Although no substitute for sunscreen, the combination of the two was shown to help deflect damaging radiation known to induce skin cancer.
Researchers from Rutgers, the state university of New Jersey, found in tests on mice that exercise and caffeine killed off precancerous cells whose DNA had been damaged by UVB rays.
Tests on groups of mice that had been fed caffeinated water and provided with an exercise wheel showed that they had a greater degree of apoptosis (cell death) of ultraviolet-B (UVB) radiation-damaged cells than mice with neither caffeine nor exercise (control group).

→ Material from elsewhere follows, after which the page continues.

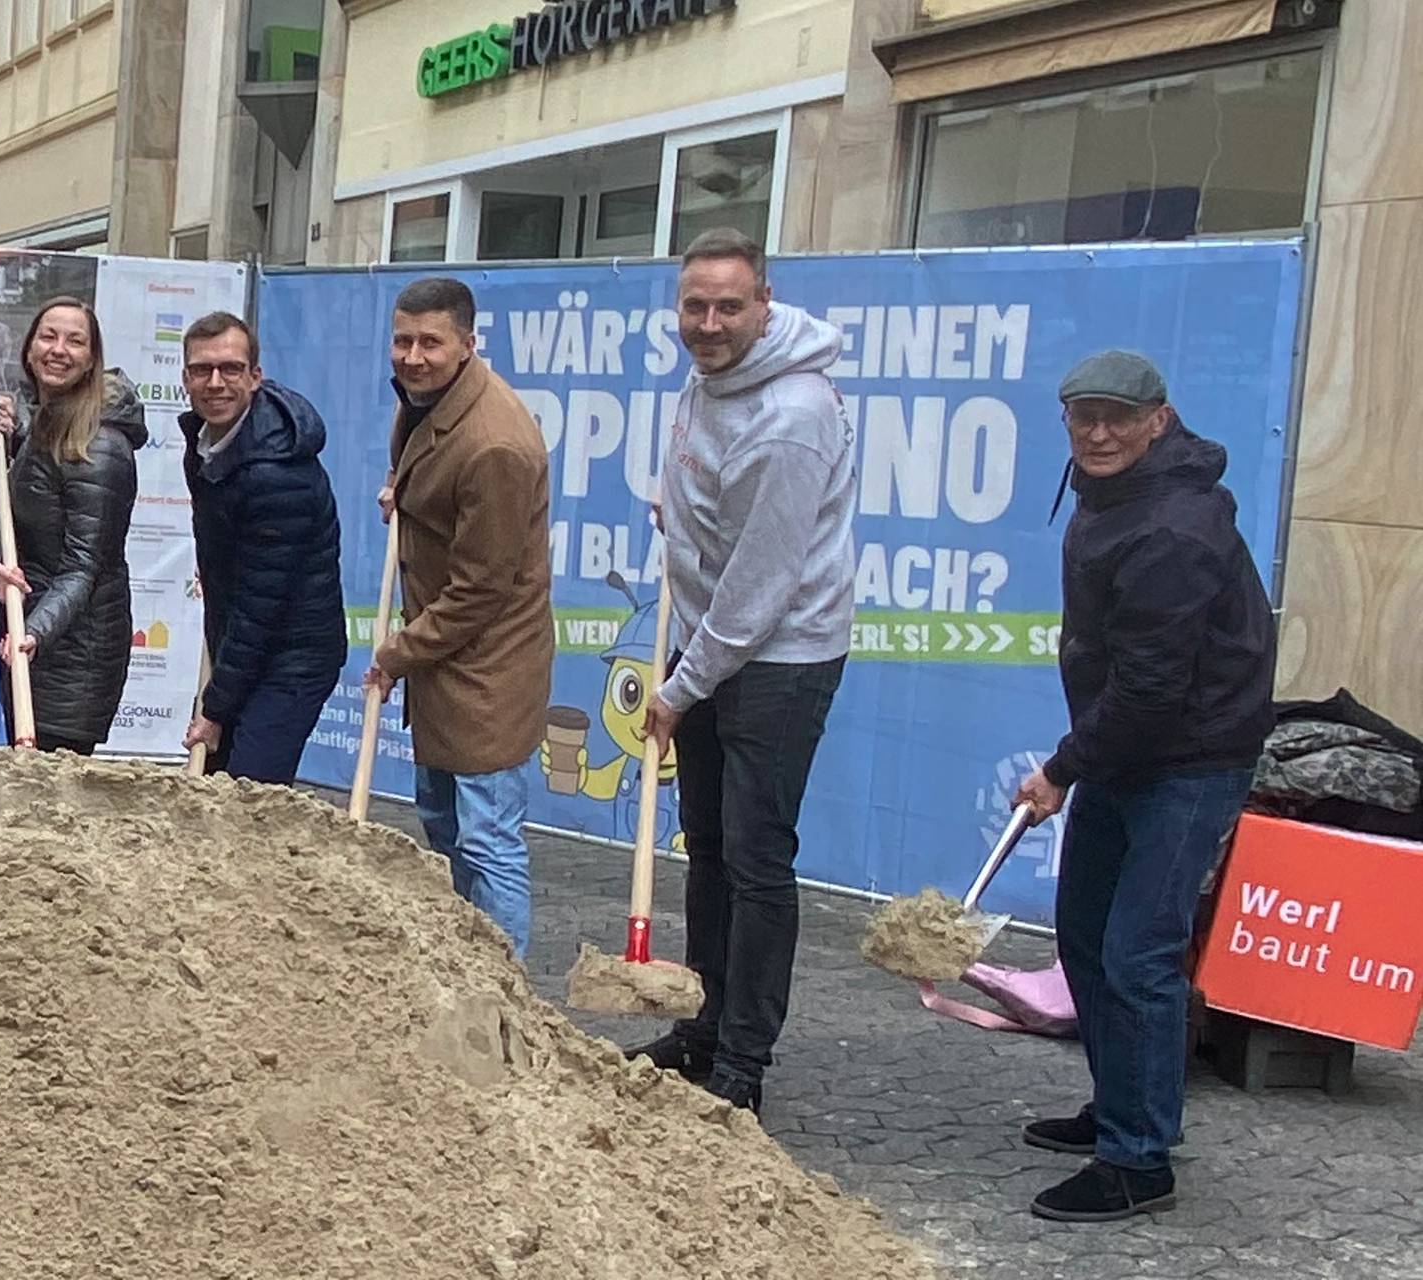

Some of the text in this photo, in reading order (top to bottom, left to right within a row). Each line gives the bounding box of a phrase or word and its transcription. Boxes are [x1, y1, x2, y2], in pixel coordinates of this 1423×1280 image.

Compared to the control group, mice with just caffeine showed an increase of about 95 per cent in UVB-induced apoptosis; the exercisers showed a 120 per cent increase; and the mice with both showed a near-400 per cent increase.
"If apoptosis takes place in a sun-damaged cell, its progress toward cancer will be aborted," said Allan Conney, director of Rutgers' Cullman laboratory and one of the study's authors.
"The differences between the groups in the formation of UVB-induced apoptotic cells those cells derailed from the track leading to skin cancer were quite dramatic."
The researchers conclude that further research is necessary to understand how the combination has its effect.
"With an understanding of these mechanisms we can then take this to the next level, going beyond mice in the lab to human trials," Dr Conney added.